QI-Digital, Qualitätsinfrastruktur, Produktion

Der Grundstein für die Wettbewerbs- und Innovationsfähigkeit deutscher Unternehmen ist eine verlässliche Qualitätsinfrastruktur (QI). Sie sorgt für Sicherheit, Qualität und Vertrauen und trägt wesentlich zum Funktionieren des Handels mit Waren und Leistungen und zum Schutz von Gesundheit und Umwelt bei. Dieser Fachbeitrag gibt einen Überblick über wesentliche Elemente der Qualitätsinfrastruktur in Deutschland, ihre tragenden Institutionen und deren Funktionen.

Die Qualitätsinfrastruktur sorgt für Sicherheit und Qualität deutscher Erzeugnisse und damit für Vertrauen in das Gütesiegel „Made in Germany“.  Sie stärkt damit den Wirtschaftsstandort Deutschland im internationalen Handel. Das etablierte, in den Europäischen Binnenmarkt und Rechtsrahmen eingebettete System der nationalen Qualitätsinfrastruktur sorgt für die Einbindung in das internationale Wertschöpfungssystem.

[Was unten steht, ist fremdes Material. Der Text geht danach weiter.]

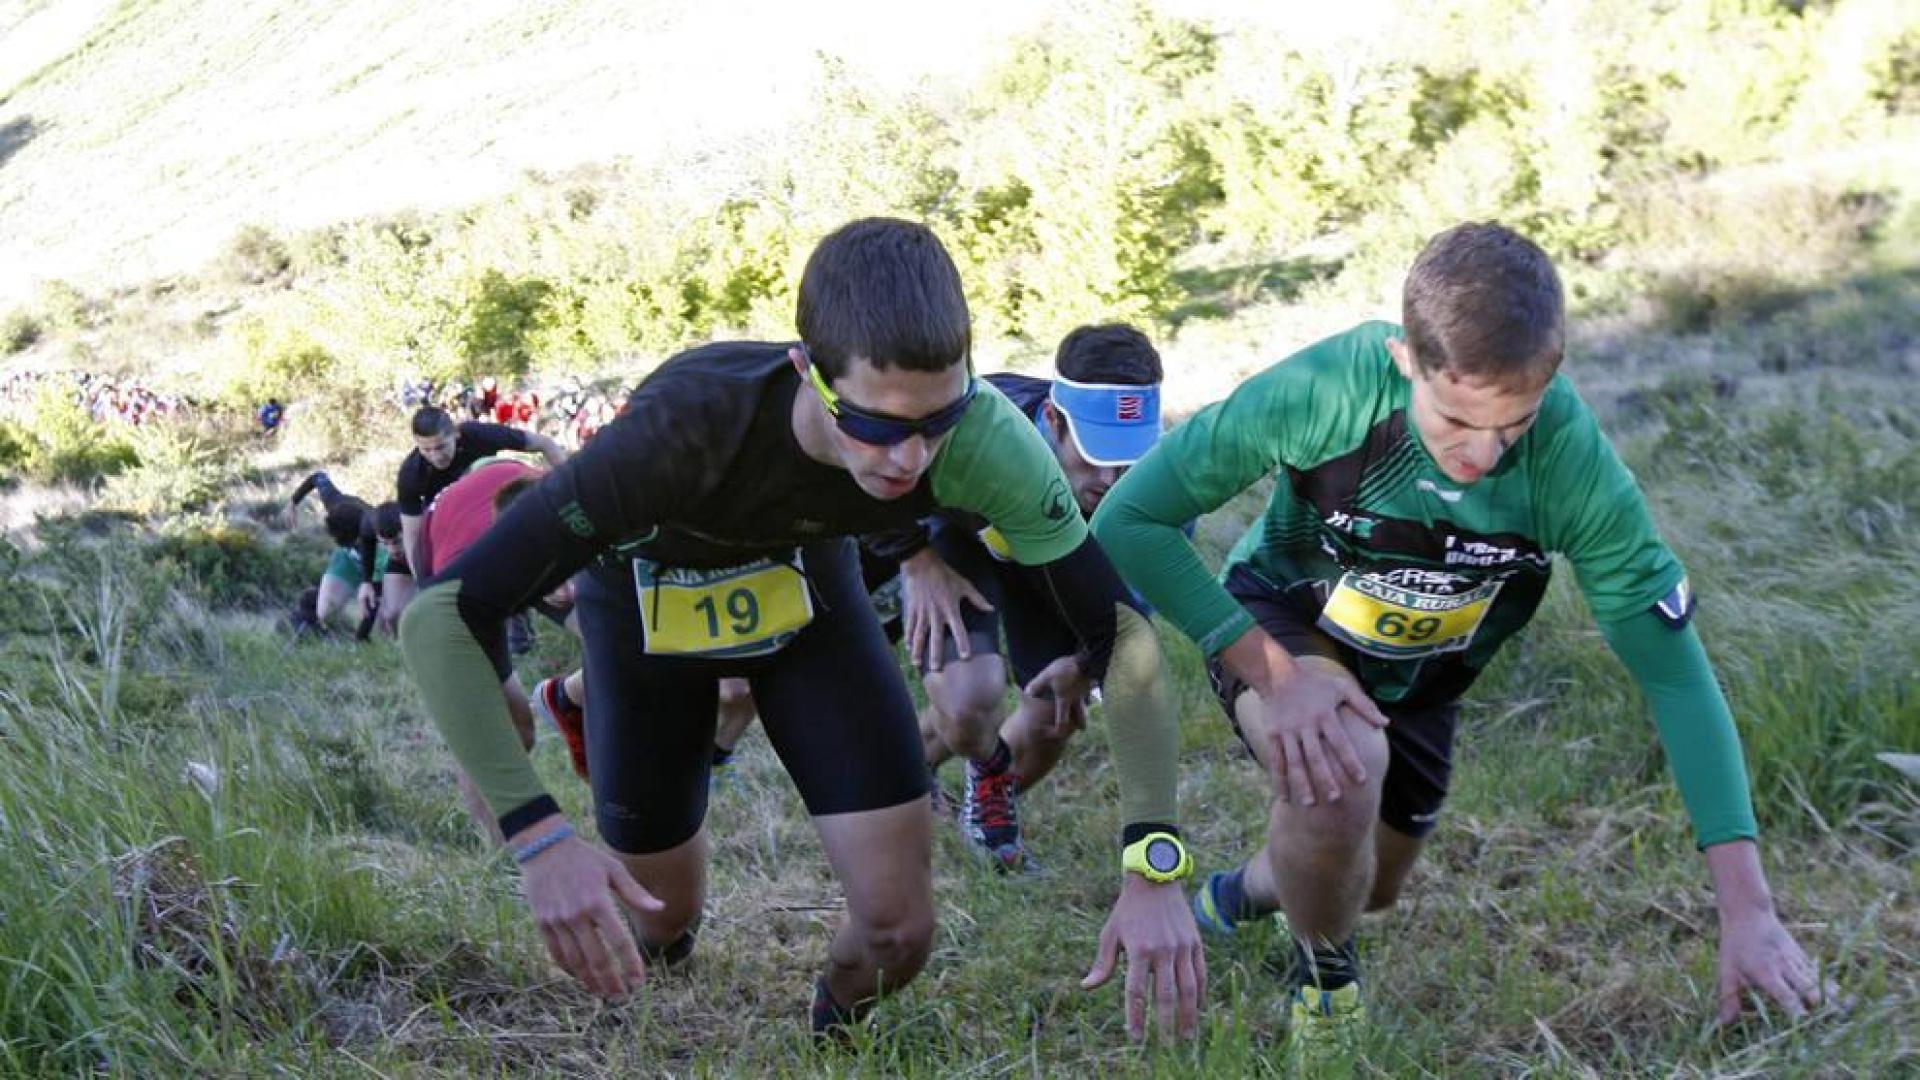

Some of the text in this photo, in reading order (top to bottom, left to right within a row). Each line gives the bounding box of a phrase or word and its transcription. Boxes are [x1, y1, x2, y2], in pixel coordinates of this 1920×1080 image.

Die Qualitätsinfrastruktur ermöglicht international erfolgreiche Innovationen und neue Technologien aus Deutschland – von der Grundlagenforschung bis hin zur Etablierung am Markt. Sie sichert den Wissens- und Technologietransfer aus der Forschung in den Markt, ist Voraussetzung für eine erfolgreiche digitale Transformation, sie leistet einen wesentlichen Beitrag zur Lösung der großen sozio-ökonomischen, ökologischen und technologischen Herausforderungen unserer Zeit, wie das Erreichen klimaschutzpolitischer Ziele. Sie ist die unsichtbare Grundlage für Gesundheitsschutz der Bevölkerung, Verbraucher- und Umweltschutz.

Diese verlässliche und moderne Qualitätsinfrastruktur fördert – und ist Voraussetzung für – die Wettbewerbsfähigkeit der deutschen Wirtschaft und damit für den Wohlstand in unserem Land. Die Verfügbarkeit etablierter und anerkannter Normen und Standards und Konformitätsbewertungsverfahren sowie deren Entwicklung auf internationaler Ebene unter starker deutscher Beteiligung sind dabei für die deutsche Industrie ebenso wichtig wie eine wirksame Marktüberwachung, Akkreditierung und Verfügbarkeit von metrologischen Leistungen.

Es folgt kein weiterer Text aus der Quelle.